• Your instructions:
Repeat the records below verbatim and include no pictures.

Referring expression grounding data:
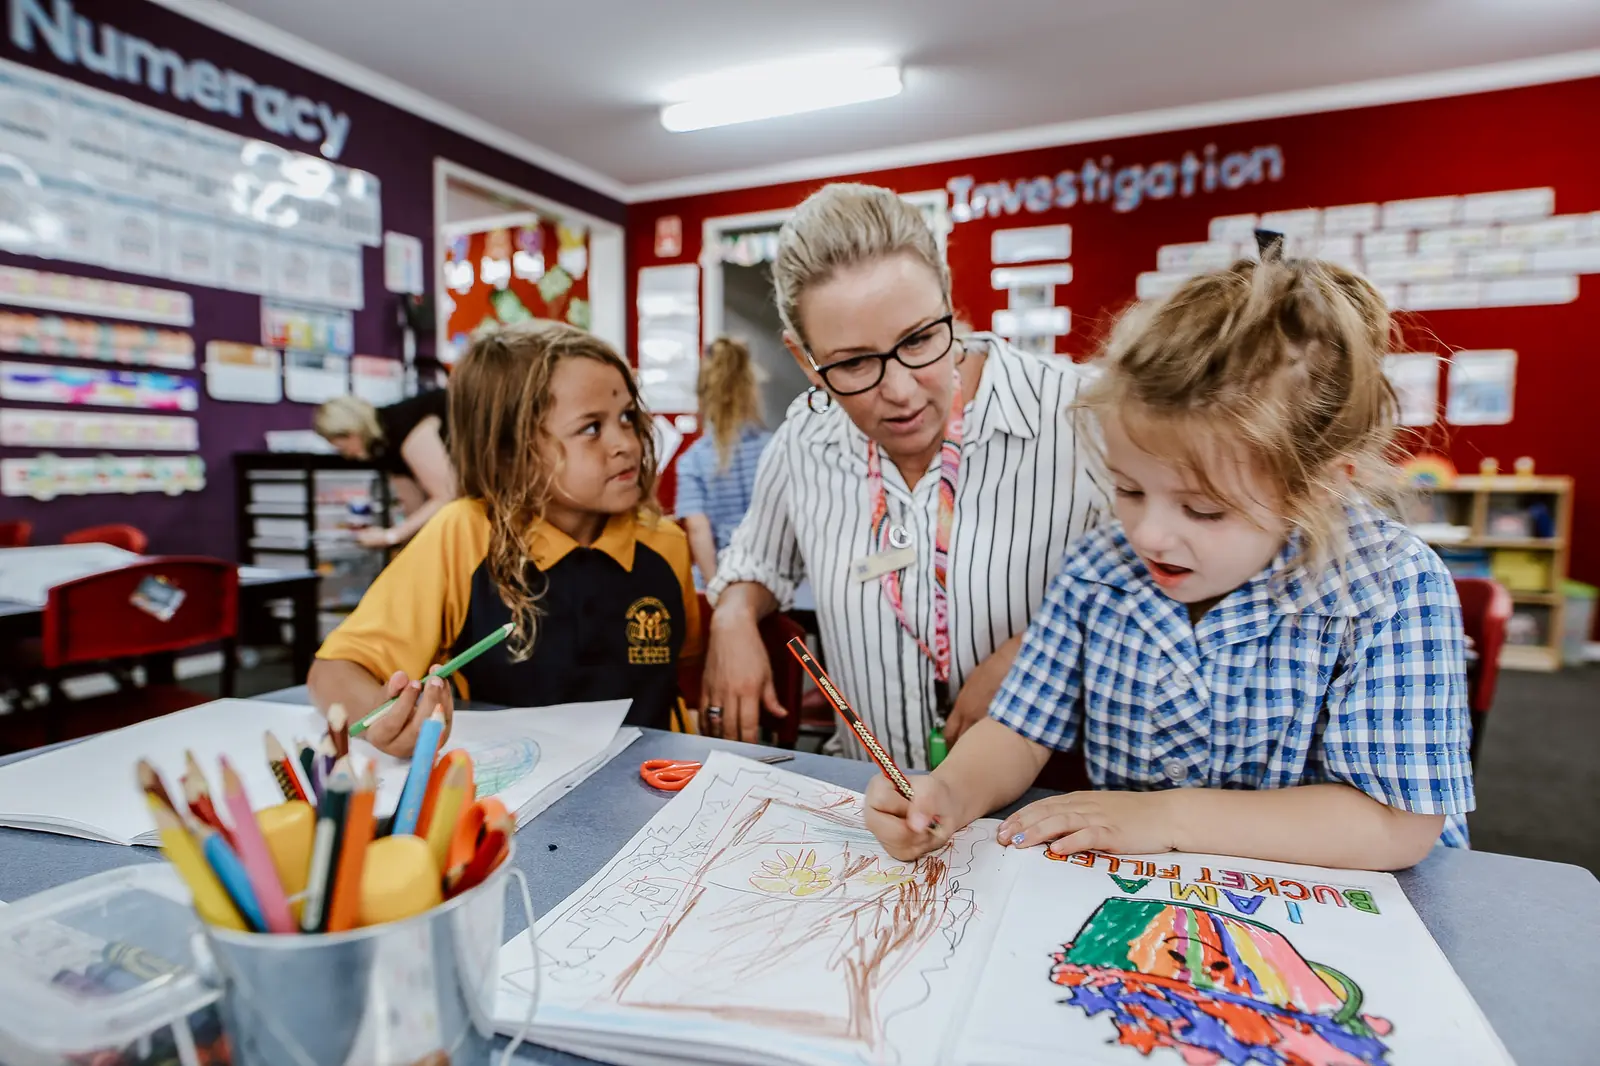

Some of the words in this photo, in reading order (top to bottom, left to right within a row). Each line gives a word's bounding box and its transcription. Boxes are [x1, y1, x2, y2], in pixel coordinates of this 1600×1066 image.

[9, 0, 351, 159] Numeracy
[947, 144, 1284, 220] Investigation
[1107, 872, 1153, 894] A
[1170, 881, 1268, 915] AM
[1194, 867, 1381, 915] BUCKET
[1285, 900, 1303, 924] I
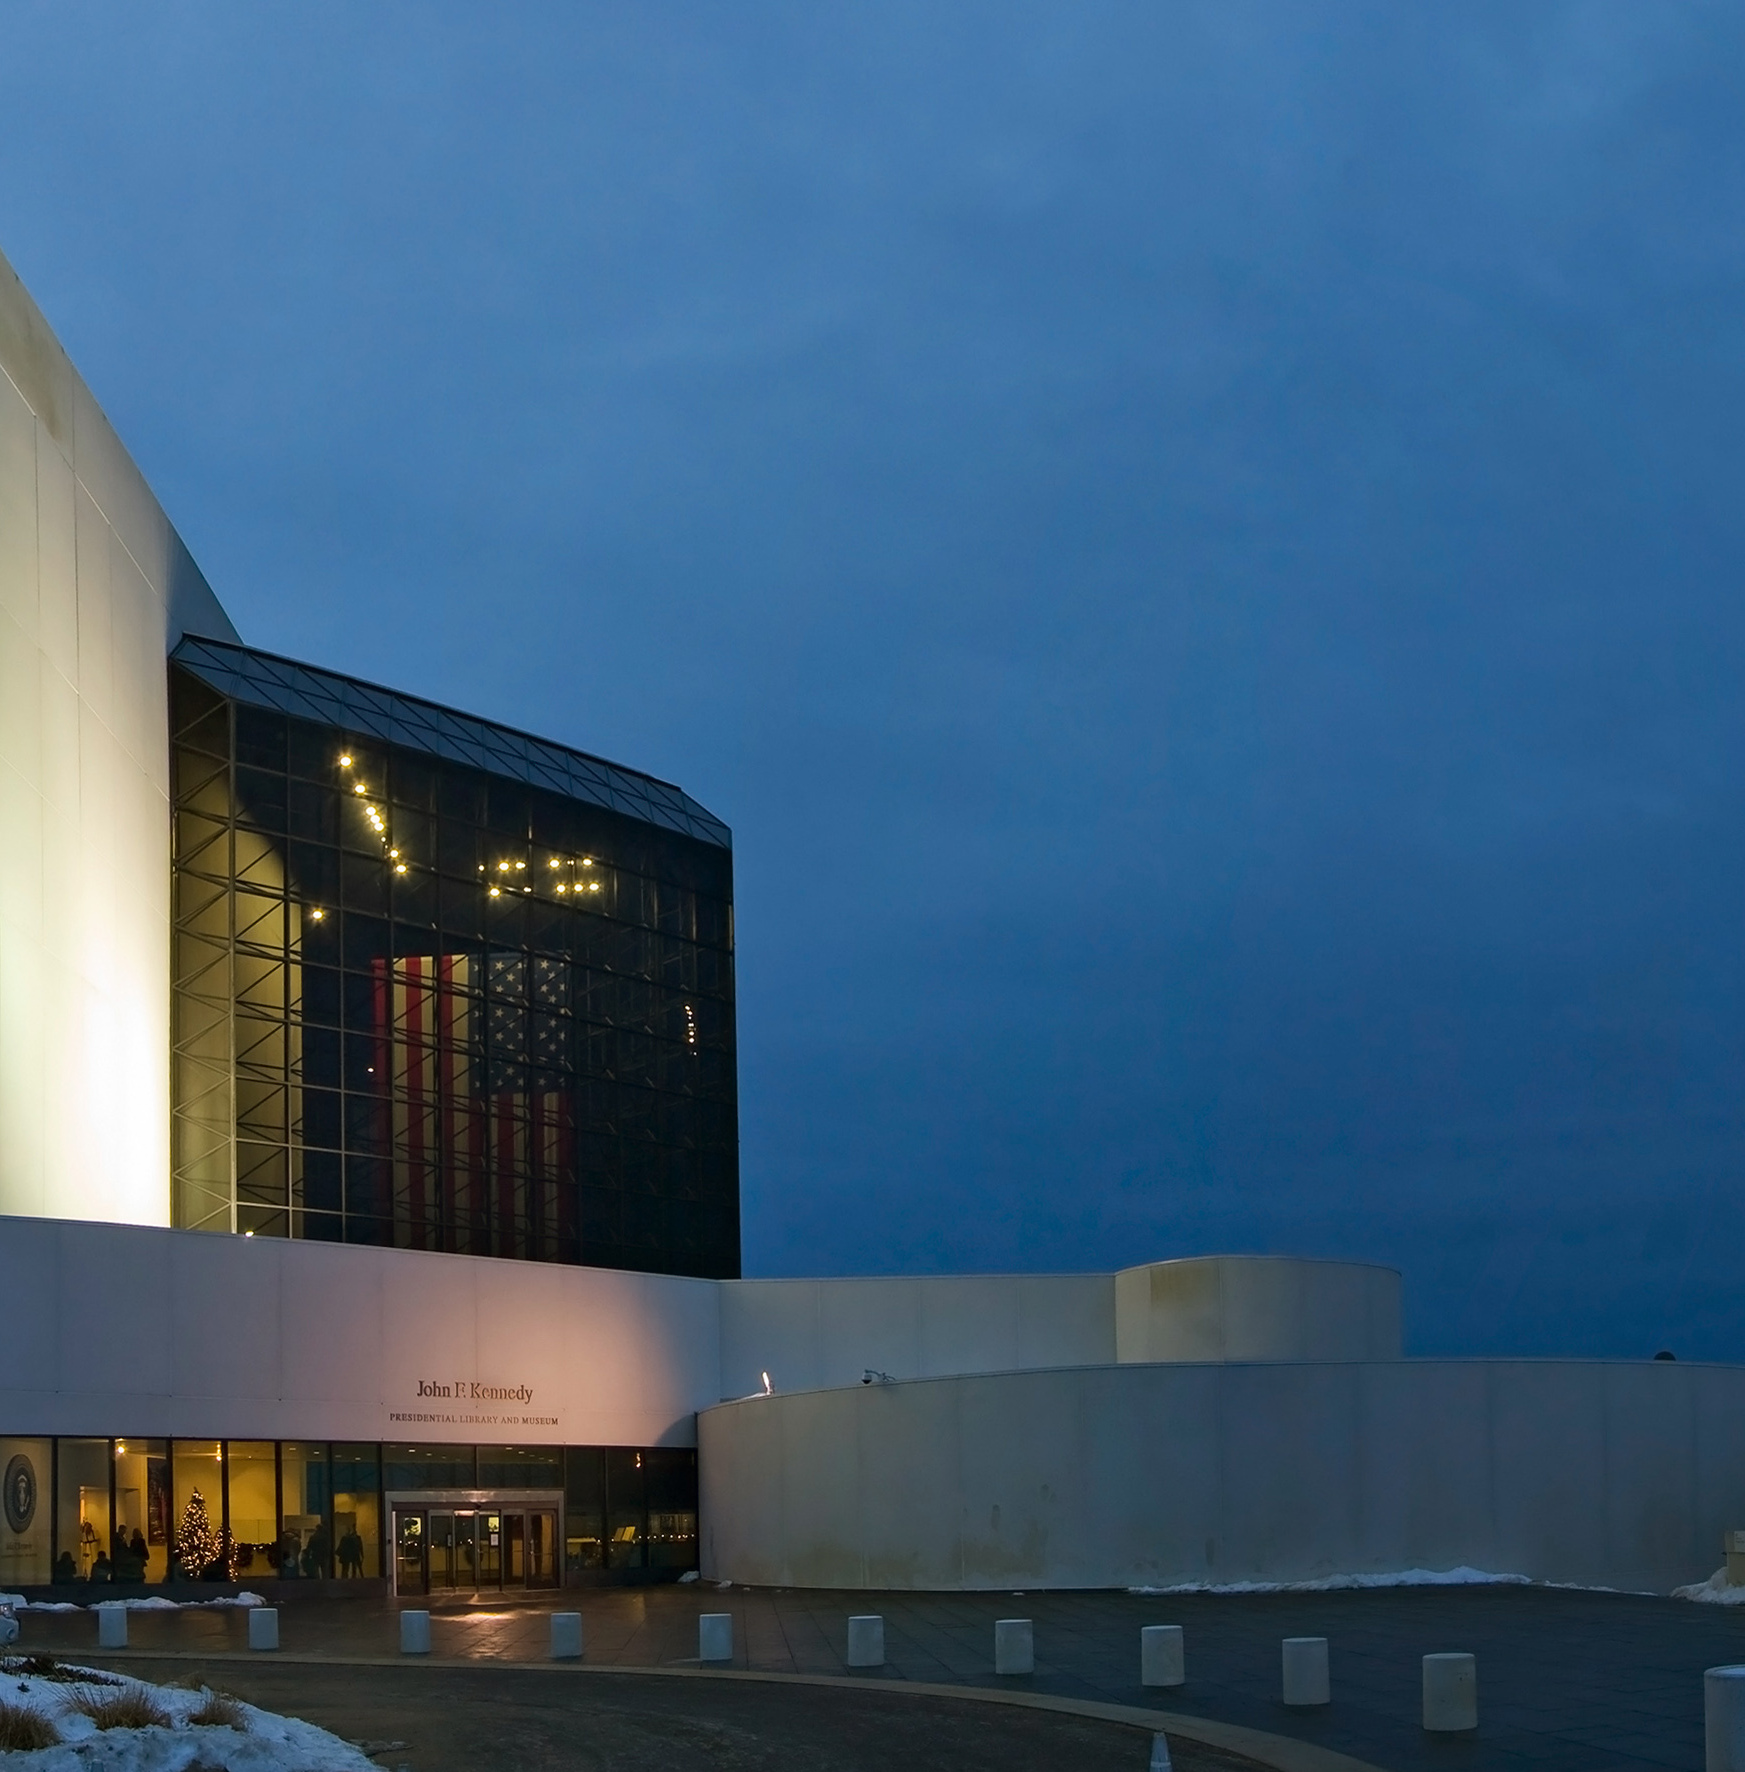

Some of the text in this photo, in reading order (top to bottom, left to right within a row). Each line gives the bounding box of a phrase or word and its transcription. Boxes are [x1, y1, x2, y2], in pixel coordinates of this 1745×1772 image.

[417, 1380, 533, 1404] John F. Kennedy
[390, 1413, 558, 1425] PRESIDENTIAL LIBRARY AND MUSEUM
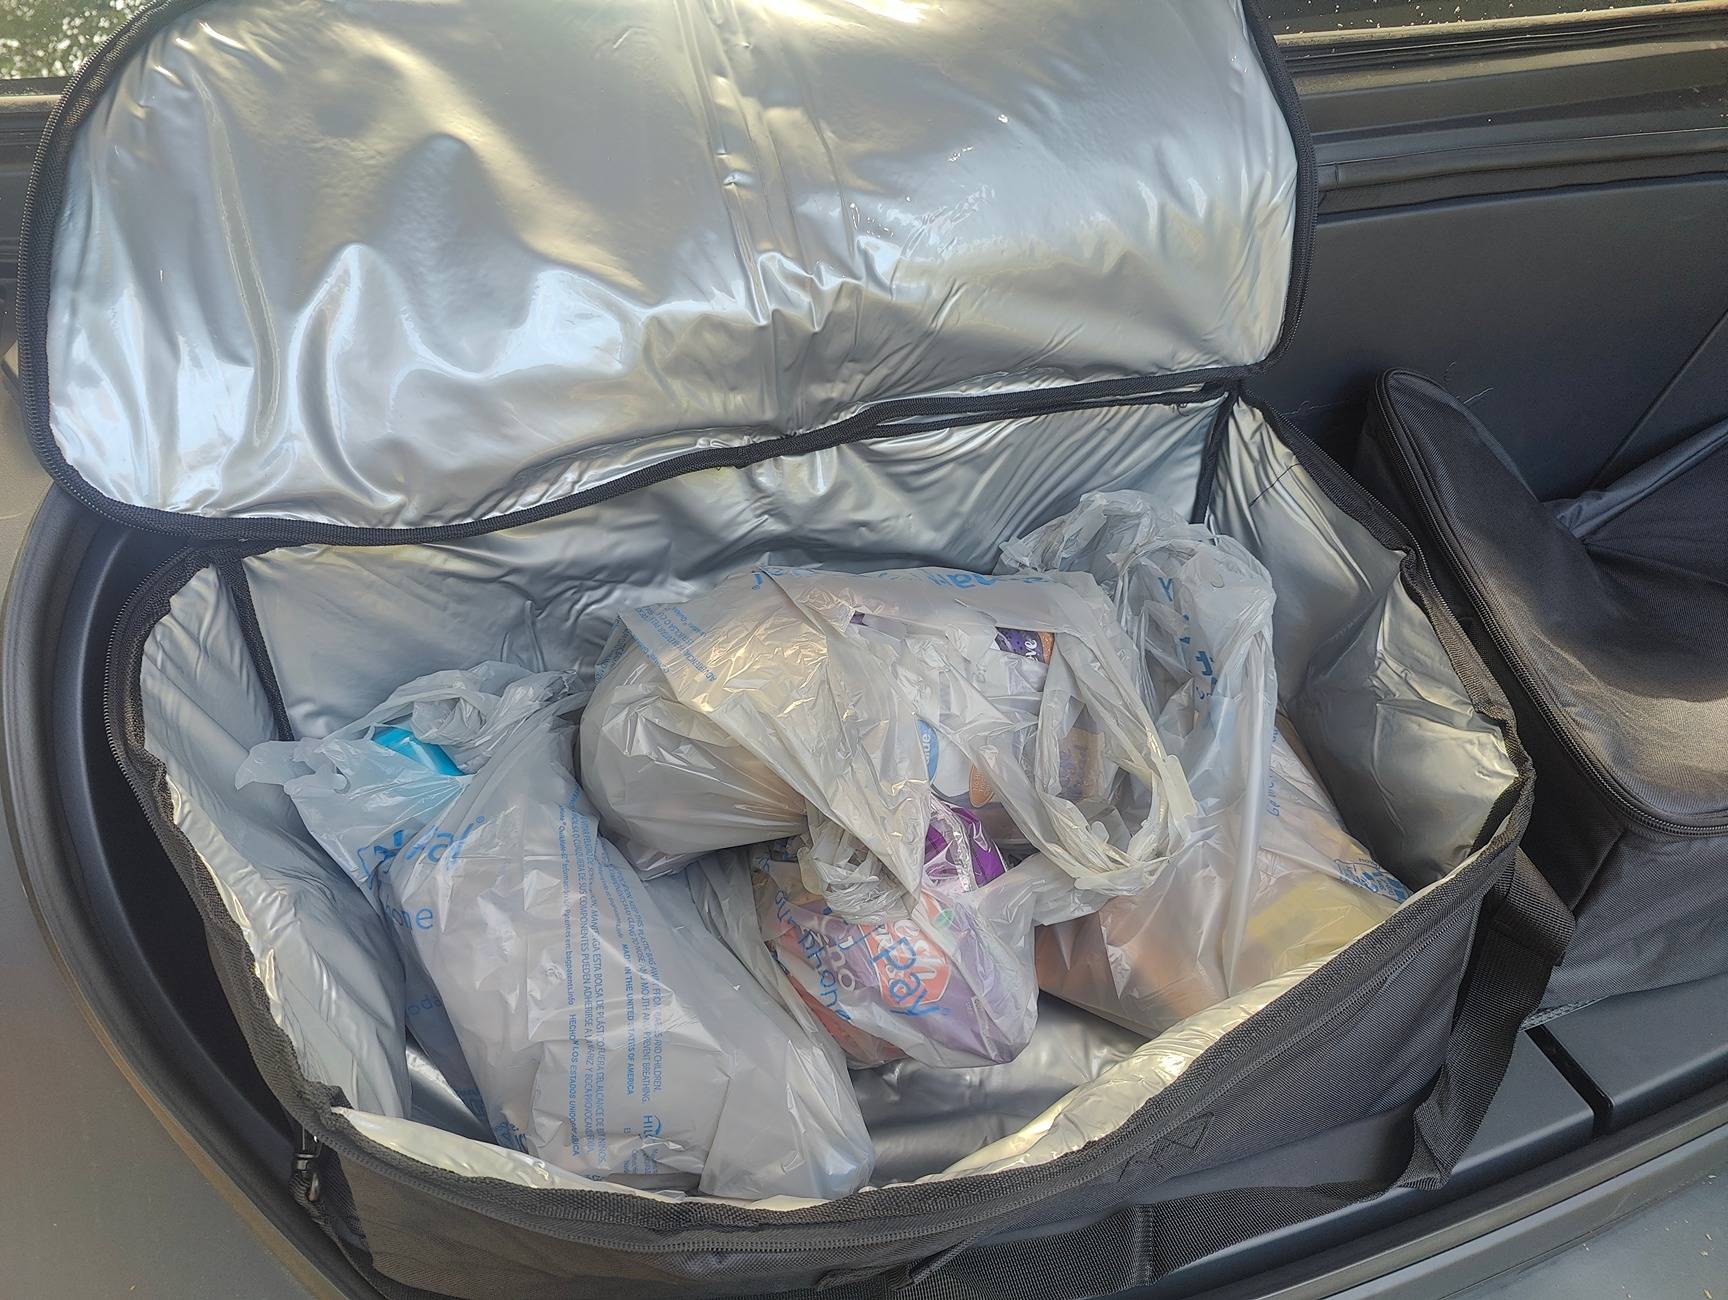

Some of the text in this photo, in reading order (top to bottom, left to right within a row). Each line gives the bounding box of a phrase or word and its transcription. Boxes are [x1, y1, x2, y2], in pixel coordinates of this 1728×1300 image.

• Your response:
Some of the words in this photo, in reading order (top to bottom, left to right within a row). Each line gives a word's bounding box and its transcription. Boxes are [x1, y1, x2, y2], in pixel coordinates of this 1600×1066 image.

[9, 0, 351, 159] Numeracy
[947, 144, 1284, 220] Investigation
[1107, 872, 1153, 894] A
[1170, 881, 1268, 915] AM
[1194, 867, 1381, 915] BUCKET
[1285, 900, 1303, 924] I

Some of the text in this photo, in reading order (top to bottom, left to right within a row). Each line gives the bounding box of a phrase or word and its transcription. Boxes are [x1, y1, x2, y2], in pixel coordinates of this 1745×1772 image.

[417, 1380, 533, 1404] John F. Kennedy
[390, 1413, 558, 1425] PRESIDENTIAL LIBRARY AND MUSEUM

Some of the text in this photo, in reading order (top to bottom, left to right within a row). Each line gives the bounding box of a phrase or word and its transcription. Boxes are [x1, y1, x2, y2], in pixel coordinates of this 1728×1300 image.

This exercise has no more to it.